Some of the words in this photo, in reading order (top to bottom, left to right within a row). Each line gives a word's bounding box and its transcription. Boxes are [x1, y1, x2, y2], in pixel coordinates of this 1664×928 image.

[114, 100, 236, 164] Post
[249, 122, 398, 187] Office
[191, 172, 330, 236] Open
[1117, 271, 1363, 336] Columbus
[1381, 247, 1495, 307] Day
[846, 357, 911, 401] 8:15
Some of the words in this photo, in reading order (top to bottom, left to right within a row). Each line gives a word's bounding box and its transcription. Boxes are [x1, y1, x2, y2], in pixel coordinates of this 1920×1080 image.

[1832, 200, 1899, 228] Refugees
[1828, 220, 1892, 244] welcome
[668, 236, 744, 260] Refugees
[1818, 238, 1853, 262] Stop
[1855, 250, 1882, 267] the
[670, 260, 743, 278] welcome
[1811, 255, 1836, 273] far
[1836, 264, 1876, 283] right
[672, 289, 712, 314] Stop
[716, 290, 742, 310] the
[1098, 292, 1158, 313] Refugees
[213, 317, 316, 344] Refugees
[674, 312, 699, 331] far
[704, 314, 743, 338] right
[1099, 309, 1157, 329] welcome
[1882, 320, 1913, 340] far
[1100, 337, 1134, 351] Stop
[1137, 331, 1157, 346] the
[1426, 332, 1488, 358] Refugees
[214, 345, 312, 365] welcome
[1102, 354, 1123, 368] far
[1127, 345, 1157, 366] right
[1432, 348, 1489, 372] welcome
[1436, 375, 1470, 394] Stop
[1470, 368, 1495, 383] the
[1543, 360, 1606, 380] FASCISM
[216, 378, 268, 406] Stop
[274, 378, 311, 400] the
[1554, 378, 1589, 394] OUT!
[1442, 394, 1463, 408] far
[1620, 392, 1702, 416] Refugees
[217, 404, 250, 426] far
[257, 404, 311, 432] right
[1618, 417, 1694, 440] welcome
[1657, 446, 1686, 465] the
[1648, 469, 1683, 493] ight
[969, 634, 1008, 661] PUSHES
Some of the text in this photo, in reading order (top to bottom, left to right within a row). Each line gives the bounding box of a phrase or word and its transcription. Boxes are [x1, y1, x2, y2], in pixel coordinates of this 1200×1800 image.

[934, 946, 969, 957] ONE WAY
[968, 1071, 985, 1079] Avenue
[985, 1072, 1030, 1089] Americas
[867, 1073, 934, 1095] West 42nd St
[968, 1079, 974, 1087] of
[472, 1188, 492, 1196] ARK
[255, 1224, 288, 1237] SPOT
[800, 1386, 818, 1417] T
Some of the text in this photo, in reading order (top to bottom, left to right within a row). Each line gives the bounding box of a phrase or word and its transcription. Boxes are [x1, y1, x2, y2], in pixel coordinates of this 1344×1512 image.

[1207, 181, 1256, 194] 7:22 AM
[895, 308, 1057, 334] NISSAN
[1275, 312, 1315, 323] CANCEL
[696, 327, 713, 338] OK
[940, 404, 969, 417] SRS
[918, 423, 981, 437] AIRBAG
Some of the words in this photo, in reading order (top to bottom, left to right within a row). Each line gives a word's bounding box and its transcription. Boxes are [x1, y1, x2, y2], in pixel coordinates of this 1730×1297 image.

== == ==

Retype the whole listing above exactly.

→ Final answer:
Some of the words in this photo, in reading order (top to bottom, left to right within a row). Each line gives a word's bounding box and its transcription. Boxes are [x1, y1, x2, y2], in pixel coordinates of this 1664×928 image.

[114, 100, 236, 164] Post
[249, 122, 398, 187] Office
[191, 172, 330, 236] Open
[1117, 271, 1363, 336] Columbus
[1381, 247, 1495, 307] Day
[846, 357, 911, 401] 8:15
Some of the words in this photo, in reading order (top to bottom, left to right within a row). Each line gives a word's bounding box and its transcription. Boxes are [x1, y1, x2, y2], in pixel coordinates of this 1920×1080 image.

[1832, 200, 1899, 228] Refugees
[1828, 220, 1892, 244] welcome
[668, 236, 744, 260] Refugees
[1818, 238, 1853, 262] Stop
[1855, 250, 1882, 267] the
[670, 260, 743, 278] welcome
[1811, 255, 1836, 273] far
[1836, 264, 1876, 283] right
[672, 289, 712, 314] Stop
[716, 290, 742, 310] the
[1098, 292, 1158, 313] Refugees
[213, 317, 316, 344] Refugees
[674, 312, 699, 331] far
[704, 314, 743, 338] right
[1099, 309, 1157, 329] welcome
[1882, 320, 1913, 340] far
[1100, 337, 1134, 351] Stop
[1137, 331, 1157, 346] the
[1426, 332, 1488, 358] Refugees
[214, 345, 312, 365] welcome
[1102, 354, 1123, 368] far
[1127, 345, 1157, 366] right
[1432, 348, 1489, 372] welcome
[1436, 375, 1470, 394] Stop
[1470, 368, 1495, 383] the
[1543, 360, 1606, 380] FASCISM
[216, 378, 268, 406] Stop
[274, 378, 311, 400] the
[1554, 378, 1589, 394] OUT!
[1442, 394, 1463, 408] far
[1620, 392, 1702, 416] Refugees
[217, 404, 250, 426] far
[257, 404, 311, 432] right
[1618, 417, 1694, 440] welcome
[1657, 446, 1686, 465] the
[1648, 469, 1683, 493] ight
[969, 634, 1008, 661] PUSHES
Some of the text in this photo, in reading order (top to bottom, left to right within a row). Each line gives the bounding box of a phrase or word and its transcription. Boxes are [x1, y1, x2, y2], in pixel coordinates of this 1200×1800 image.

[934, 946, 969, 957] ONE WAY
[968, 1071, 985, 1079] Avenue
[985, 1072, 1030, 1089] Americas
[867, 1073, 934, 1095] West 42nd St
[968, 1079, 974, 1087] of
[472, 1188, 492, 1196] ARK
[255, 1224, 288, 1237] SPOT
[800, 1386, 818, 1417] T
Some of the text in this photo, in reading order (top to bottom, left to right within a row). Each line gives the bounding box of a phrase or word and its transcription. Boxes are [x1, y1, x2, y2], in pixel coordinates of this 1344×1512 image.

[1207, 181, 1256, 194] 7:22 AM
[895, 308, 1057, 334] NISSAN
[1275, 312, 1315, 323] CANCEL
[696, 327, 713, 338] OK
[940, 404, 969, 417] SRS
[918, 423, 981, 437] AIRBAG
Some of the words in this photo, in reading order (top to bottom, left to right within a row). Each line gives a word's bounding box and its transcription. Boxes are [x1, y1, x2, y2], in pixel coordinates of this 1730×1297 image.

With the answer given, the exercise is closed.